Log.Info( "[C#-Engfuncs] EntryPoint.GameInit()\n" );
}

You might be wondering, what does Log.Info do? Well:

public static void Info( string message )
{
message.CStringCopyTo( MessageBuffer, 1023 );
unsafe
{
SharedEngine.Log( MessageBuffer.Deref() );
}
}

Right now it basically copies the string's contents into a byte buffer, and sends that to the engine. SharedEngine.Log basically just calls ALERT on the serverside:

gManagedSharedEngineApi.Log = []( const char* message )
{
ALERT( at_console, "%s", message );
};

It could also be done with engineFunctions->pfnServerPrint, which it was doing initially! But at least now I have a nice API to print to the console. :3

So, what's next?

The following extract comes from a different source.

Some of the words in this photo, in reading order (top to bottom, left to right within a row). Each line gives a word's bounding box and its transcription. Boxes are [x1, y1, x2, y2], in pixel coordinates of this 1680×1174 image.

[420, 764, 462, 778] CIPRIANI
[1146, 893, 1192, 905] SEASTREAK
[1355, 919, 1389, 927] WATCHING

Well, I could:

  • Handle entity spawning.
    • When the map loads and the engine encounters a classname like func_breakable, it'll do a GetProcAddress on _func_breakable, which is typically there because of LINK_ENTITY_TO_CLASS. We have no such thing in C#, so the solution is either use Detour like Solokiller did, or read the BSP myself and spawn entities from it.
  • Port CBaseEntity to C# and write some entity classes too.
  • Handle various game callbacks, like DispatchKeyvalue.

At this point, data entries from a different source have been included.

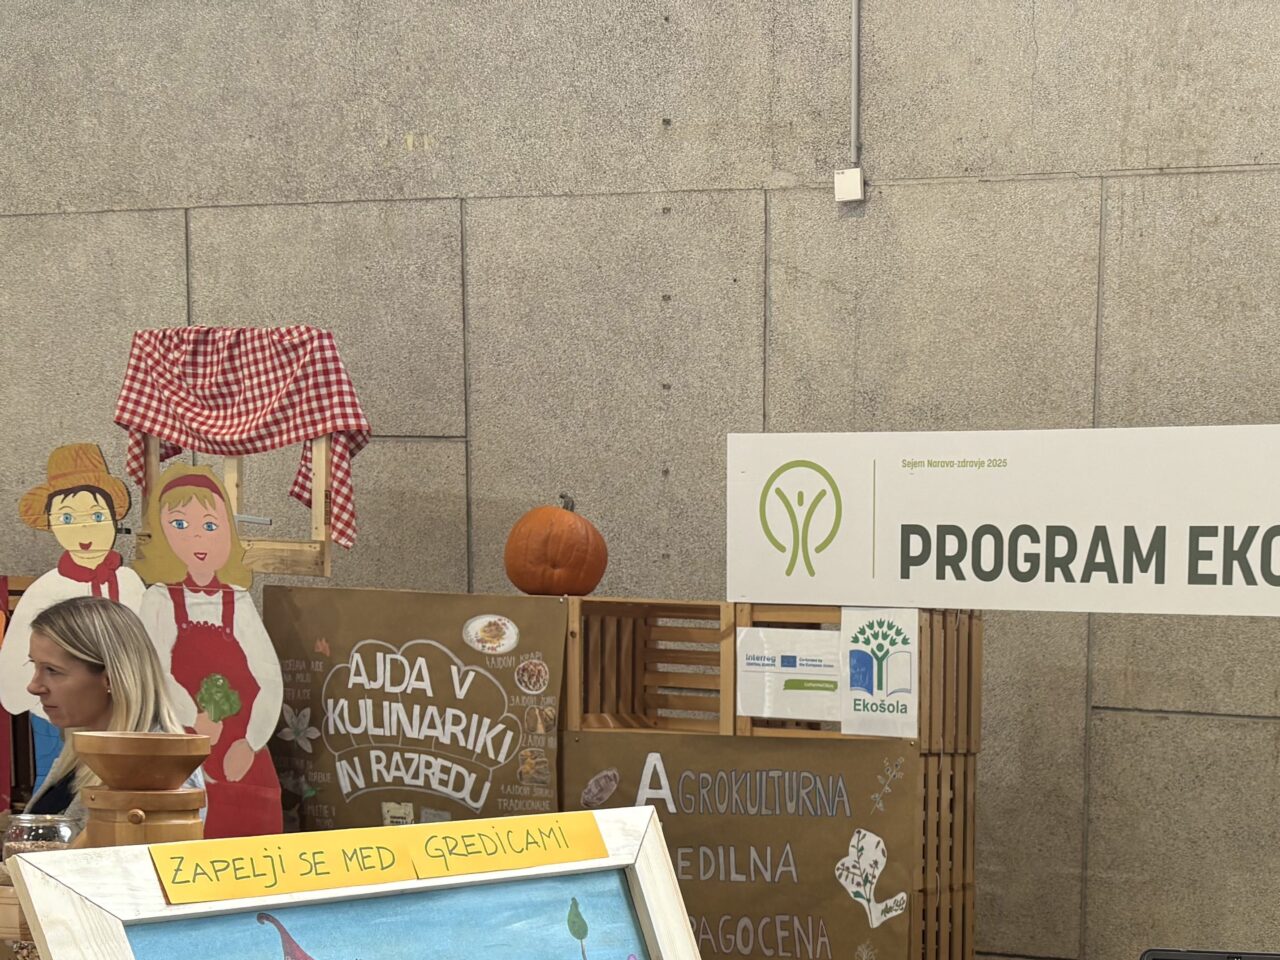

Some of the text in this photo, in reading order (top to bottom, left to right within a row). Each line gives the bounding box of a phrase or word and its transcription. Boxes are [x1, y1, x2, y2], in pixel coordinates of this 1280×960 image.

[901, 458, 926, 471] Sejem
[899, 523, 1168, 586] PROGRAM
[347, 652, 476, 700] AJDA V
[853, 698, 908, 715] Ekošola
[326, 698, 514, 764] KULINARIKI
[335, 749, 491, 810] IN RAZREDU
[635, 752, 851, 817] AGROKULTURNA
[299, 850, 331, 876] SE
[342, 846, 397, 874] MED
[676, 842, 799, 884] EDILNA
[689, 914, 833, 960] AGOCENA

The obstacles definitely don't end there. I gotta tackle saving-restoring, I gotta host C# on the client DLL too (right now it's only on the serverside), and port the player & player movement code to C#.

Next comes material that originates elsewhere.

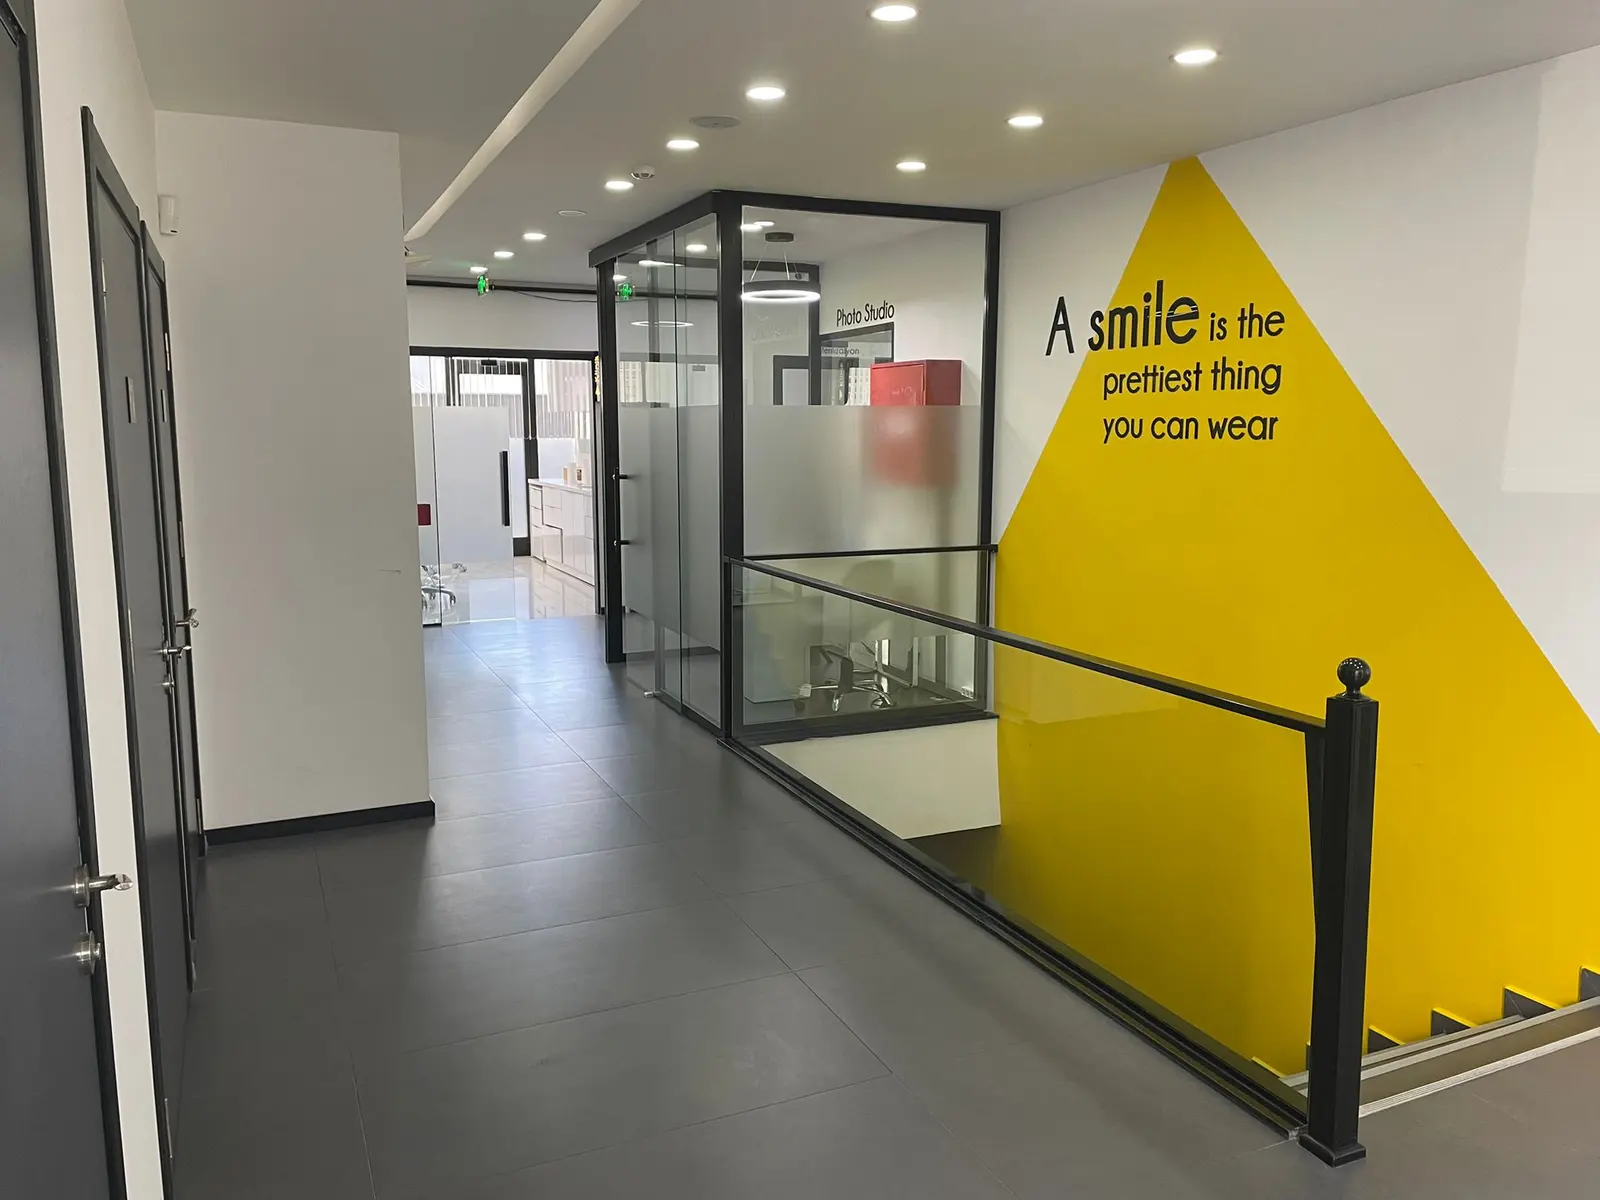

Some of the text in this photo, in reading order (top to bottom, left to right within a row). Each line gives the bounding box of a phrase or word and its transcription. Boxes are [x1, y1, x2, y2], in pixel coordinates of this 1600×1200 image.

[836, 300, 895, 327] Photo Studio
[1045, 279, 1285, 356] A smile is the
[1103, 356, 1282, 401] prettiest thing
[1103, 415, 1279, 444] you can wear

I'm certain it's all possible. It'll take some work to get there, but I do believe I have a good chance at pulling this off. Most importantly, I'll try my best to avoid doing wild things like reimplementing GoldSRC subsystems unless it's absolutely 100% necessary. I know full well I don't have the time for that, plus I'm already working on Elegy Engine. :3c
(Speaking of which, it may be possible to use some Elegy libraries in Half-Sharp! It's just a fun thought experiment for now, but it could benefit from the eventual scripting system)

Anyway, thank you for reading this. You are likely witnessing the start of a new era in HL modding.